**Records from a data source:**
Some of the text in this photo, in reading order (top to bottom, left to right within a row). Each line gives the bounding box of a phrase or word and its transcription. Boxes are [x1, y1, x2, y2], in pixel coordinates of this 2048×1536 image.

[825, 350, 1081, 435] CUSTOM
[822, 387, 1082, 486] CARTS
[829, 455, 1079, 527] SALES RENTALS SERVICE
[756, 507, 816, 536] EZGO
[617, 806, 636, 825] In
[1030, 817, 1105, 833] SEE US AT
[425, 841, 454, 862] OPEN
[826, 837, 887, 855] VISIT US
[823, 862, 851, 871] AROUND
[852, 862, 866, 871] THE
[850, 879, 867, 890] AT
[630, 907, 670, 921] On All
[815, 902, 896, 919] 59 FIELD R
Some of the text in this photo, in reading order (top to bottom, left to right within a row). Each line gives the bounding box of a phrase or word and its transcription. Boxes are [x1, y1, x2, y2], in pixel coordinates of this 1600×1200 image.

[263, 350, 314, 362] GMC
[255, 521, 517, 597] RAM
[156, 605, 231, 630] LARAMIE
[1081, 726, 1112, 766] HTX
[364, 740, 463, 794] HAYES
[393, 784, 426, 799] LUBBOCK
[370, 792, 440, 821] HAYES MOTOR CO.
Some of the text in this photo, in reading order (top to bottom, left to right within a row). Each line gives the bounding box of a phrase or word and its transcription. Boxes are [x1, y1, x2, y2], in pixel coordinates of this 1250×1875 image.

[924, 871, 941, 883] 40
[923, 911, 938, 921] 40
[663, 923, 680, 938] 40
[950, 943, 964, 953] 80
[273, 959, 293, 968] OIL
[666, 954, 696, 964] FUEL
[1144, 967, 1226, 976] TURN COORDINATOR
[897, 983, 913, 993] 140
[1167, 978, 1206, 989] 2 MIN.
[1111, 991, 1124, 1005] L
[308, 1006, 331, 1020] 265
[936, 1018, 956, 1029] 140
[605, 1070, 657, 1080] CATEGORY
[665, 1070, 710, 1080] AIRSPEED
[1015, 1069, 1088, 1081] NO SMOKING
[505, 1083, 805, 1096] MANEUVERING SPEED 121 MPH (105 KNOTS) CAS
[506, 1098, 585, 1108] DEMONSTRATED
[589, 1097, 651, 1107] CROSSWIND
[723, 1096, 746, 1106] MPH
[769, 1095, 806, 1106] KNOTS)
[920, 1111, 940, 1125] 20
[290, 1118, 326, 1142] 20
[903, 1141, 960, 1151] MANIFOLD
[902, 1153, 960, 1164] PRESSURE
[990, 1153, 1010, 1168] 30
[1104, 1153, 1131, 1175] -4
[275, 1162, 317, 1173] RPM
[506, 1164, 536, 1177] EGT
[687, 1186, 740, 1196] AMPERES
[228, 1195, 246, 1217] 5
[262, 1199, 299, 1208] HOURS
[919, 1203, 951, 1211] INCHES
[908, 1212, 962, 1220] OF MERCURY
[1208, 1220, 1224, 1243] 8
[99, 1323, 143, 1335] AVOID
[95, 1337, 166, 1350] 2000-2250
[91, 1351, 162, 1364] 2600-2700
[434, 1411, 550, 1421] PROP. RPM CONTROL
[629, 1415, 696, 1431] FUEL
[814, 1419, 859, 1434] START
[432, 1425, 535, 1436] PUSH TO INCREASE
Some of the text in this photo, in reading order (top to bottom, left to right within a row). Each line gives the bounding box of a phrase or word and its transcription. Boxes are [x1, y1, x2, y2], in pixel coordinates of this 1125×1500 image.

**TASK STATEMENT:** Each record above should be returned exactly as it appears.

**TASK OUTPUT:**
Some of the text in this photo, in reading order (top to bottom, left to right within a row). Each line gives the bounding box of a phrase or word and its transcription. Boxes are [x1, y1, x2, y2], in pixel coordinates of this 2048×1536 image.

[825, 350, 1081, 435] CUSTOM
[822, 387, 1082, 486] CARTS
[829, 455, 1079, 527] SALES RENTALS SERVICE
[756, 507, 816, 536] EZGO
[617, 806, 636, 825] In
[1030, 817, 1105, 833] SEE US AT
[425, 841, 454, 862] OPEN
[826, 837, 887, 855] VISIT US
[823, 862, 851, 871] AROUND
[852, 862, 866, 871] THE
[850, 879, 867, 890] AT
[630, 907, 670, 921] On All
[815, 902, 896, 919] 59 FIELD R
Some of the text in this photo, in reading order (top to bottom, left to right within a row). Each line gives the bounding box of a phrase or word and its transcription. Boxes are [x1, y1, x2, y2], in pixel coordinates of this 1600×1200 image.

[263, 350, 314, 362] GMC
[255, 521, 517, 597] RAM
[156, 605, 231, 630] LARAMIE
[1081, 726, 1112, 766] HTX
[364, 740, 463, 794] HAYES
[393, 784, 426, 799] LUBBOCK
[370, 792, 440, 821] HAYES MOTOR CO.
Some of the text in this photo, in reading order (top to bottom, left to right within a row). Each line gives the bounding box of a phrase or word and its transcription. Boxes are [x1, y1, x2, y2], in pixel coordinates of this 1250×1875 image.

[924, 871, 941, 883] 40
[923, 911, 938, 921] 40
[663, 923, 680, 938] 40
[950, 943, 964, 953] 80
[273, 959, 293, 968] OIL
[666, 954, 696, 964] FUEL
[1144, 967, 1226, 976] TURN COORDINATOR
[897, 983, 913, 993] 140
[1167, 978, 1206, 989] 2 MIN.
[1111, 991, 1124, 1005] L
[308, 1006, 331, 1020] 265
[936, 1018, 956, 1029] 140
[605, 1070, 657, 1080] CATEGORY
[665, 1070, 710, 1080] AIRSPEED
[1015, 1069, 1088, 1081] NO SMOKING
[505, 1083, 805, 1096] MANEUVERING SPEED 121 MPH (105 KNOTS) CAS
[506, 1098, 585, 1108] DEMONSTRATED
[589, 1097, 651, 1107] CROSSWIND
[723, 1096, 746, 1106] MPH
[769, 1095, 806, 1106] KNOTS)
[920, 1111, 940, 1125] 20
[290, 1118, 326, 1142] 20
[903, 1141, 960, 1151] MANIFOLD
[902, 1153, 960, 1164] PRESSURE
[990, 1153, 1010, 1168] 30
[1104, 1153, 1131, 1175] -4
[275, 1162, 317, 1173] RPM
[506, 1164, 536, 1177] EGT
[687, 1186, 740, 1196] AMPERES
[228, 1195, 246, 1217] 5
[262, 1199, 299, 1208] HOURS
[919, 1203, 951, 1211] INCHES
[908, 1212, 962, 1220] OF MERCURY
[1208, 1220, 1224, 1243] 8
[99, 1323, 143, 1335] AVOID
[95, 1337, 166, 1350] 2000-2250
[91, 1351, 162, 1364] 2600-2700
[434, 1411, 550, 1421] PROP. RPM CONTROL
[629, 1415, 696, 1431] FUEL
[814, 1419, 859, 1434] START
[432, 1425, 535, 1436] PUSH TO INCREASE
Some of the text in this photo, in reading order (top to bottom, left to right within a row). Each line gives the bounding box of a phrase or word and its transcription. Boxes are [x1, y1, x2, y2], in pixel coordinates of this 1125×1500 image.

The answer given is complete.